_What this task involves_
When you reach the records below, repeat each one exactly as written.

Top of Source data

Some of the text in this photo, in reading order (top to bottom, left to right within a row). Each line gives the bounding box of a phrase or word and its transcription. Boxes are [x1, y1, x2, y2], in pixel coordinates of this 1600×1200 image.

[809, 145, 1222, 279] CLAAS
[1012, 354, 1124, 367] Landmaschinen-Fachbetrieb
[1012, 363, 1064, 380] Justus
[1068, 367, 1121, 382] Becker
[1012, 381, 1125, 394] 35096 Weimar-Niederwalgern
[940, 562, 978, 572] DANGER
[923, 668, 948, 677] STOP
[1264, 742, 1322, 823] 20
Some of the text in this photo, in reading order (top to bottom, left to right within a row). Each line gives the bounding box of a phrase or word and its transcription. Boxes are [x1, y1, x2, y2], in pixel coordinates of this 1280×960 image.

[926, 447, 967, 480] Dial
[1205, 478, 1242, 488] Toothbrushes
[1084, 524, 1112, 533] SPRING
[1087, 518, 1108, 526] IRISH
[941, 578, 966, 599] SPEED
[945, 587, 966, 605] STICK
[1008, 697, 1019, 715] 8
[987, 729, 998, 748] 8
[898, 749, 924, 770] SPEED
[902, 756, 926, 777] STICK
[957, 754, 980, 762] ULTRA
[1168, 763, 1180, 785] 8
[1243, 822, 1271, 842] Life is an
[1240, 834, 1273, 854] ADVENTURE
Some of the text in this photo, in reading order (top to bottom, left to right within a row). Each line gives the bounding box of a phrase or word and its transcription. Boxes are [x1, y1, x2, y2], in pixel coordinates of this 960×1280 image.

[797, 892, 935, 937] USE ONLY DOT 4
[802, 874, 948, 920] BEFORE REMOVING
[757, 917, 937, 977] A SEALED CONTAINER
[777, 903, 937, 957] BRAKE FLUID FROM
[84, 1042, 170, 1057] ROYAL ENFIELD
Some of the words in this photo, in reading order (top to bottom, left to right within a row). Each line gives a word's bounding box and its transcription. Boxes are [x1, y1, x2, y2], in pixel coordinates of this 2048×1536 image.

Bottom of Source data

_Answer space_
Some of the text in this photo, in reading order (top to bottom, left to right within a row). Each line gives the bounding box of a phrase or word and its transcription. Boxes are [x1, y1, x2, y2], in pixel coordinates of this 1600×1200 image.

[809, 145, 1222, 279] CLAAS
[1012, 354, 1124, 367] Landmaschinen-Fachbetrieb
[1012, 363, 1064, 380] Justus
[1068, 367, 1121, 382] Becker
[1012, 381, 1125, 394] 35096 Weimar-Niederwalgern
[940, 562, 978, 572] DANGER
[923, 668, 948, 677] STOP
[1264, 742, 1322, 823] 20
Some of the text in this photo, in reading order (top to bottom, left to right within a row). Each line gives the bounding box of a phrase or word and its transcription. Boxes are [x1, y1, x2, y2], in pixel coordinates of this 1280×960 image.

[926, 447, 967, 480] Dial
[1205, 478, 1242, 488] Toothbrushes
[1084, 524, 1112, 533] SPRING
[1087, 518, 1108, 526] IRISH
[941, 578, 966, 599] SPEED
[945, 587, 966, 605] STICK
[1008, 697, 1019, 715] 8
[987, 729, 998, 748] 8
[898, 749, 924, 770] SPEED
[902, 756, 926, 777] STICK
[957, 754, 980, 762] ULTRA
[1168, 763, 1180, 785] 8
[1243, 822, 1271, 842] Life is an
[1240, 834, 1273, 854] ADVENTURE
Some of the text in this photo, in reading order (top to bottom, left to right within a row). Each line gives the bounding box of a phrase or word and its transcription. Boxes are [x1, y1, x2, y2], in pixel coordinates of this 960×1280 image.

[797, 892, 935, 937] USE ONLY DOT 4
[802, 874, 948, 920] BEFORE REMOVING
[757, 917, 937, 977] A SEALED CONTAINER
[777, 903, 937, 957] BRAKE FLUID FROM
[84, 1042, 170, 1057] ROYAL ENFIELD
Some of the words in this photo, in reading order (top to bottom, left to right within a row). Each line gives a word's bounding box and its transcription. Boxes are [x1, y1, x2, y2], in pixel coordinates of this 2048×1536 image.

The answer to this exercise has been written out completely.